Ungläubig streckte er die Hand aus, zitternd. Arcalla? Aber wie...? Kurz bevor er ihre Wange berühren konnte, wich sie jedoch zurück als wäre sie erschrocken. Ihre Lippen bewegten sich. Sie sagte etwas, aber Rin Verran konnte es nicht hören. Wollte es nicht hören. Er wollte sie nur küssen, auf diese weichen, etwas dunkleren Lippen. Wollte ihren Körper dicht an seinem spüren, ihre Wärme. Wollte mit den Fingern durch ihre Haare und über ihre Haut fahren, während sie unter ihm erschauerte. Er war nicht mehr er selbst.

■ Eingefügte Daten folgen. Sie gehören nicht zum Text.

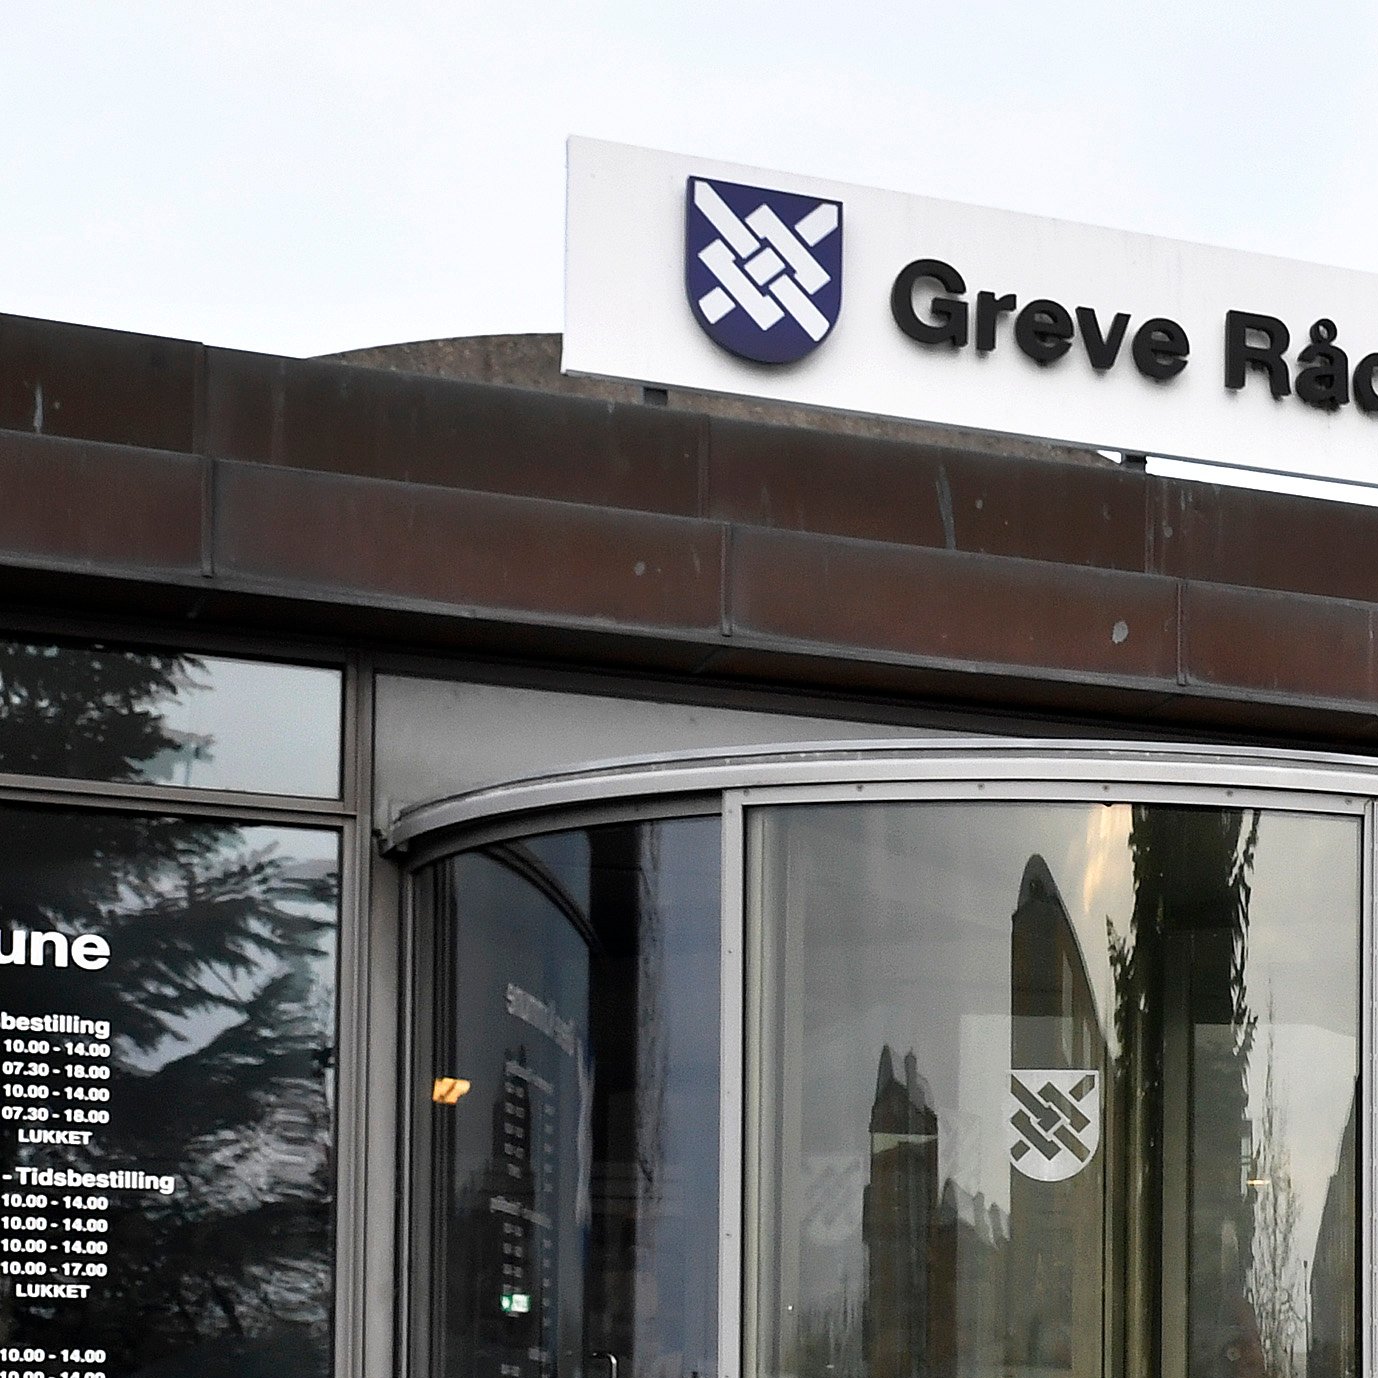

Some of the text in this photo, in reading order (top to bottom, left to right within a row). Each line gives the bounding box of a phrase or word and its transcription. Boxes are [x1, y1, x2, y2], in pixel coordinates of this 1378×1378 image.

[891, 259, 1189, 383] Greve
[1, 1011, 110, 1040] bestilling
[4, 1039, 49, 1054] 10.00
[65, 1042, 110, 1057] 14.00
[3, 1062, 49, 1076] 07.30
[65, 1065, 110, 1079] 18.00
[3, 1084, 49, 1098] 10.00
[65, 1087, 109, 1101] 14.00
[2, 1106, 48, 1121] 07.30
[64, 1109, 109, 1123] 18.00
[19, 1129, 92, 1144] LUKKET
[15, 1167, 175, 1195] Tidsbestilling
[2, 1194, 47, 1208] 10.00
[63, 1196, 108, 1210] 14.00
[1, 1216, 47, 1230] 10.00
[63, 1218, 108, 1232] 14.00
[1, 1239, 46, 1252] 10.00
[63, 1241, 107, 1254] 14.00
[1, 1261, 46, 1275] 10.00
[62, 1263, 107, 1276] 17.00
[16, 1284, 90, 1298] LUKKET
[0, 1349, 45, 1362] 10.00
[61, 1350, 106, 1363] 14.00

Wie ein Wolf, der seine Beute gestellt hatte, stolperte Rin Verran ins Zimmer und schlug die Tür hinter sich zu. Er verstand nicht, was vor sich ging. Aber er wollte es auch nicht verstehen. Sein Kopf war wie in einem dichten, dickflüssigen Nebel. Etwas unbeholfen streckte er seine Hand wieder nach ihr aus, ergriff sie diesmal fest am Handgelenk und zog sie dicht an sich. Sie trug nur ein dünnes Kleid, fast schon ein Nachthemd, in den Farben der Dul-Gilde. Ohne nachzudenken umarmte er sie und zwang ihr einen Kuss auf die Lippen.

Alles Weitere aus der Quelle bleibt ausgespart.